Mas à noite os olhos fechavam-se e iam para onde Zulmira não tinha mão neles. E então viam tudo. Não viam com a clareza das coisas reais. Na verdade viam coisas que não entendiam. Metáforas que escapavam à sua compreensão. A mais habitual, [o sonho mais recorrente], era aquela em que corria nua, com os seus sapatos velhos, atrás de uma charrete. Quando a distância já era muita, a charrete parava, como se fosse esperar por ela. Mas assim que a distância encurtava até um determinado ponto arrancava de novo e Zulmira, desesperada, corria, e corria, até que por fim era derrubada pela força gravítica do seu cansaço e pela alma partida dos seus sapatos. Era então que a violência se assumia como dona do rumo de todos os desfechos, e numa súbita nuvem de vento nascia imparável a charrete que se precipitava na sua direcção. Tudo acontecia com tal rapidez que seria impossível a Zulmira levantar-se. Mas uma mão gigante surgia então do céu e varria com a mesma violência a carruagem do seu trajecto. E Zulmira ficava a salvo. Durante os breves segundos em que aquela mão salvífica rasgava os seus olhos, Zulmira conseguia sempre ver, com uma nitidez inusitada, quase sobrenatural, um anel de latão num dos dedos. Um anel que conhecia bem. E ainda que não percebesse nada de sonhos nem de metáforas, Zulmira percebia então tudo o que havia para perceber: acabara de ser salva, de novo, pela sua mãe.

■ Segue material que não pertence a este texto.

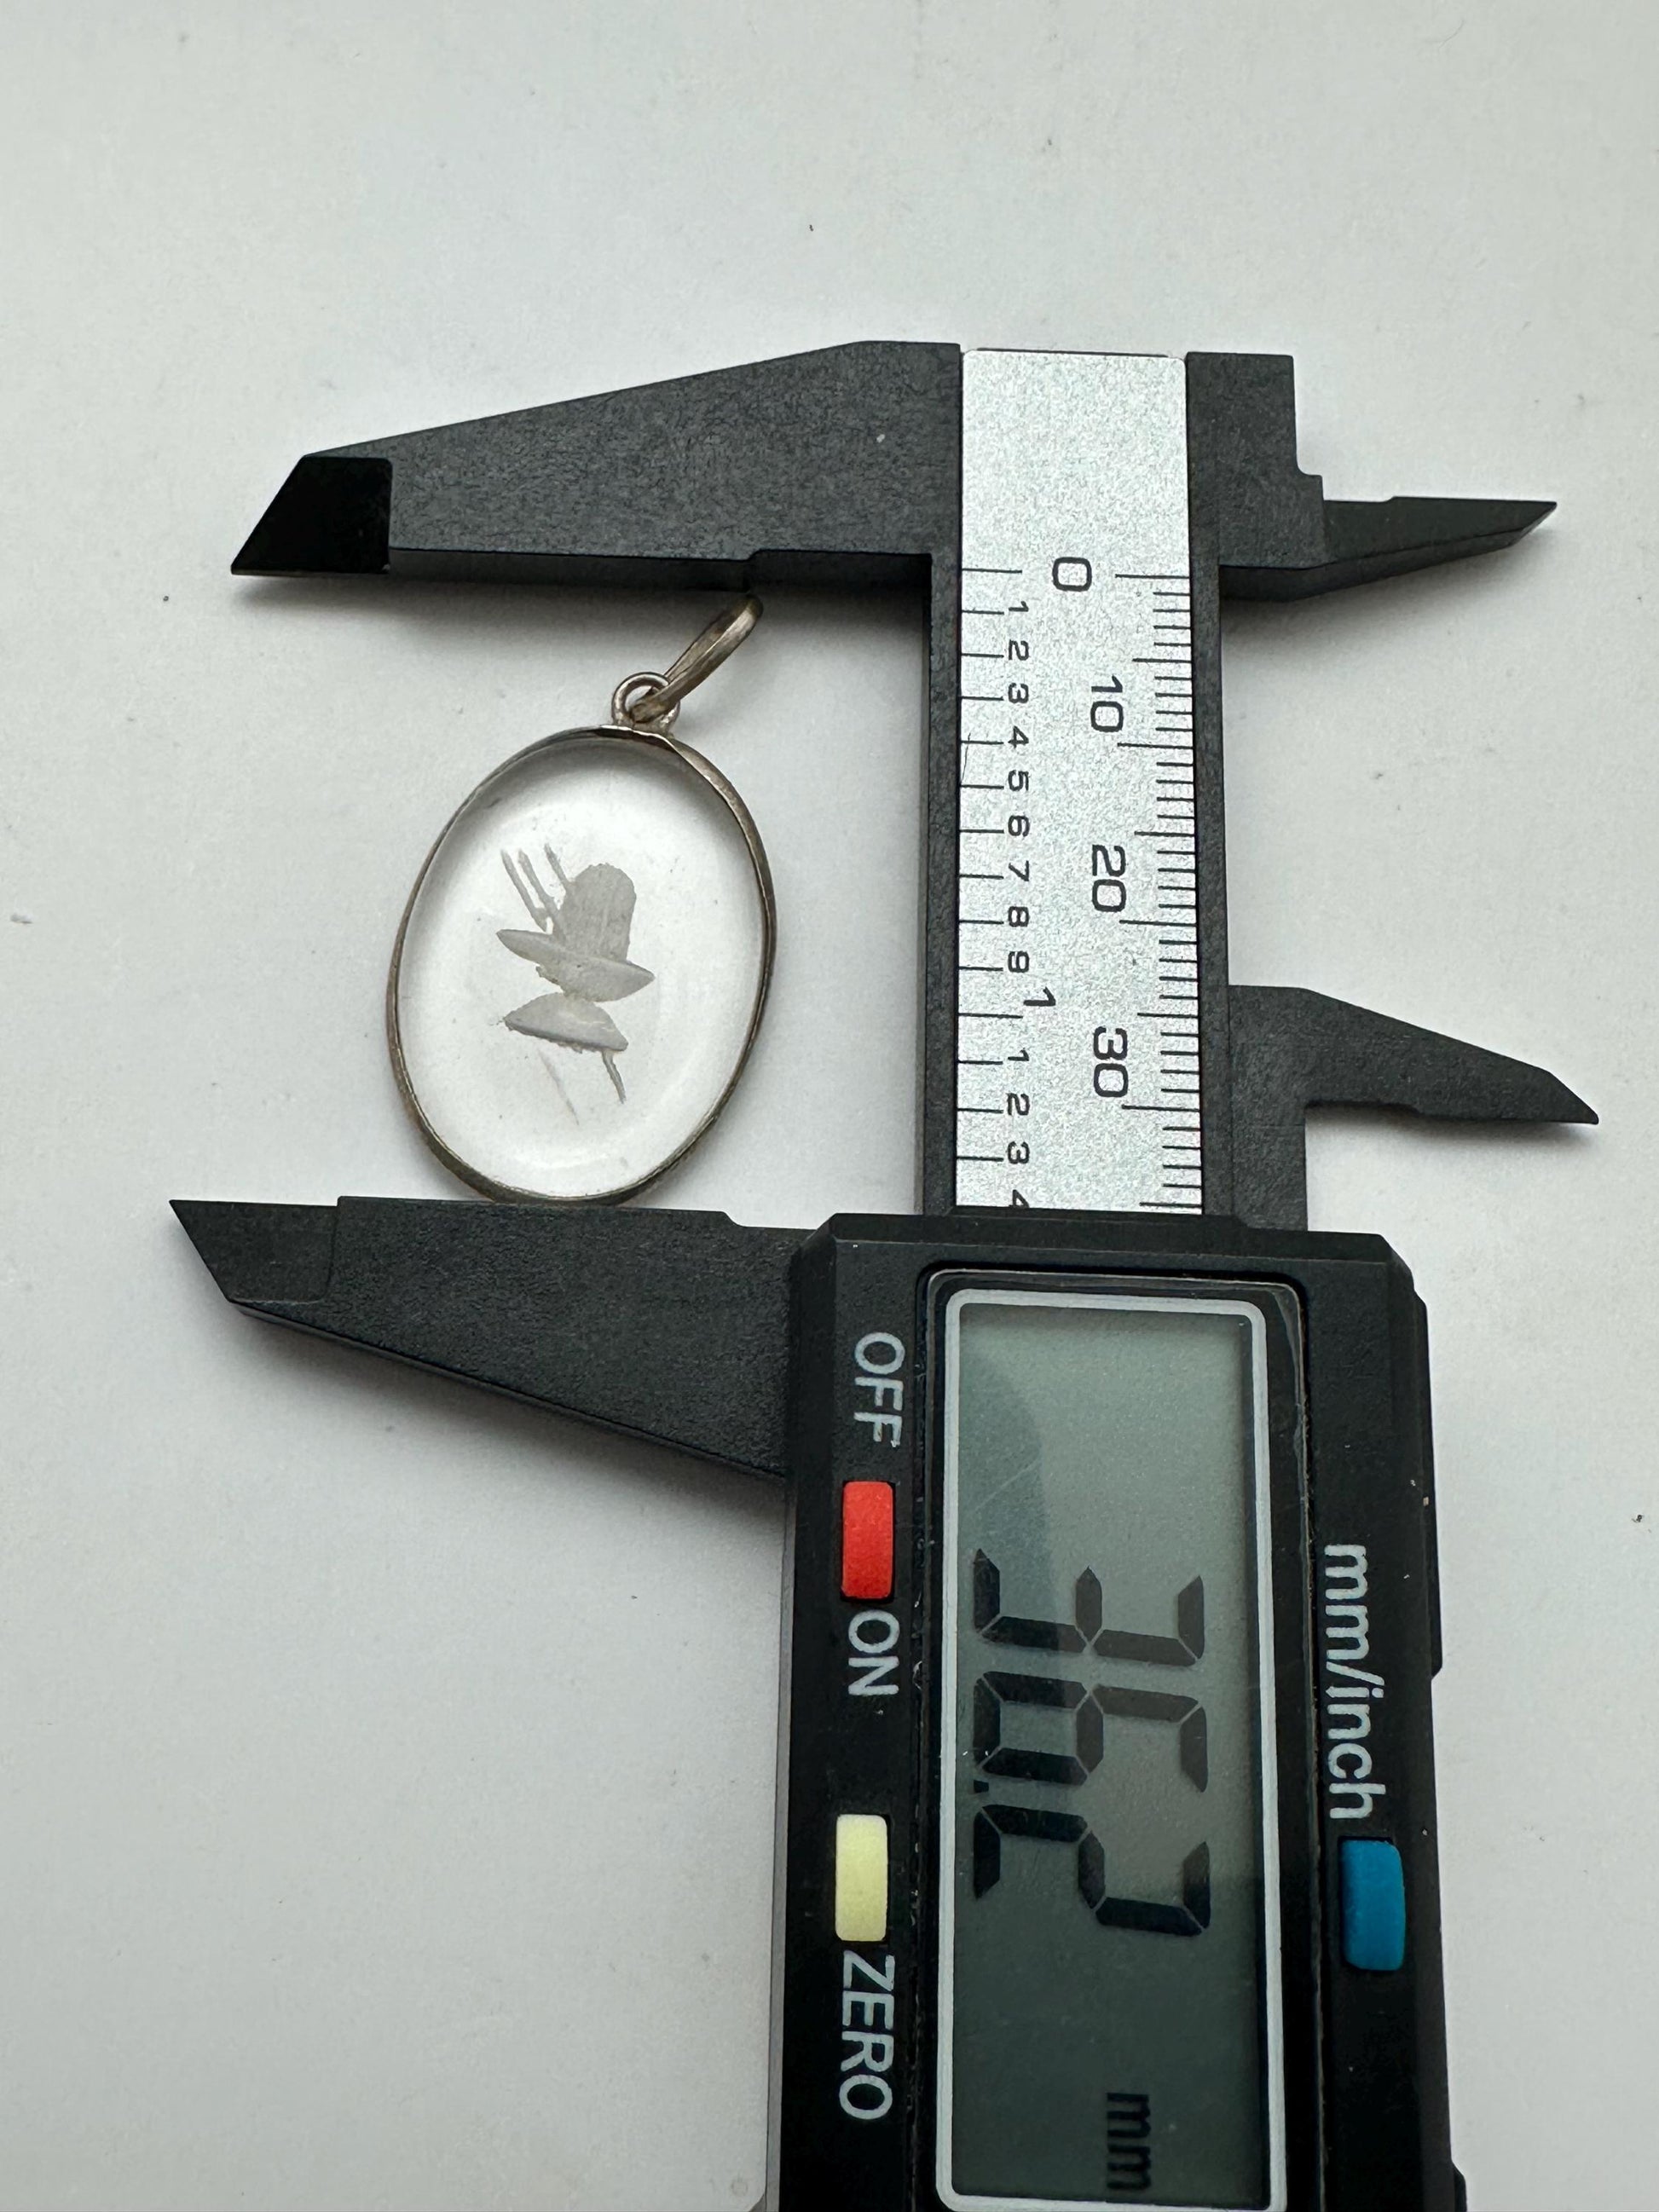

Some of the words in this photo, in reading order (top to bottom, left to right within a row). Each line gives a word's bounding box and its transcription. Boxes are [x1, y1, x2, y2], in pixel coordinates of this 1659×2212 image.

quarta-feira, 10 de outubro de 2012
Zulmira morreu 9: da inocência e do pecado
Nos momentos mais tristes Zulmira sentava-se nos degraus. Gostava
daquela sensação de desnivelamento da realidade. Sentia que a inconstância
daquela superfície dava sentido à sua alma inquieta, cheia de dúvidas. Como se
subir e descer com o pensamento fosse comparável à oscilação das respostas face
ao ritmo pendular das perguntas.
No dia em que Zulmira decidiu ir ter com o padre da terra teve
a esperança de que este lhe daria uma planície de tranquilidade, um patamar de
justiça em que repousar da subida íngreme ao cume dos seu esforço. A
oportunidade de ficar sentada para sempre num degrau, a admirar, passiva, o
nivelamento pacífico do seu coração.
O que Zulmira não sabia é que a Igreja é, também ela, cheia
de degraus. Degraus sumidos, feitos para pés pequenos e passos normalizados. E
Zulmira percebeu que afinal o que tinha eram pecados, não dúvidas. Descobriu
que tinha tantos pecados que ficou assustada e teve medo de morrer naquela hora
e ir para o inferno. Uma mulher cheia de maus pensamentos, com desejos de
deixar o seu homem para ter outros homens, egoísta e intolerante, incapaz de
perdoar. Ela, a Zulmira, a mulher simples que não imaginava outro afecto que os
abraços dos seus filhos, que todas as noites rezava uma oração pelo marido, que
cicatrizava as nódoas negras com lágrimas silenciosas. Que não conhecia a ira,
que não queria vingança, mas apenas descansar da infelicidade. Sim, passou-lhe
pela cabeça deixar o marido. Estava convencida de que seria melhor para todos.
Mas agora o padre vinha dizer-lhe que isso era um pecado mortal. Que o
casamento era sagrado. Indissolúvel. Que cabia às esposas serem pacientes com
os maridos.
Quando naquele dia chegou da Igreja Zulmira trazia, então,
a desilusão de uma corrente interrompida, de um mar partido ao meio. Sentada na
escada, as esquinas de cada degrau pareciam agora mais vivas. Sentia que podia
cortar-se e esvair-se de sangue se roçasse os pulsos nas suas arestas. Zulmira
descobrira os seus pecados e não sabia o que fazer com eles. Sentia-se suja e
incapaz de se lavar. Uma torrente de tristeza, veloz e enfurecida, levando a
esperança para o abismo de uma tempestade de que nunca sairia incólume.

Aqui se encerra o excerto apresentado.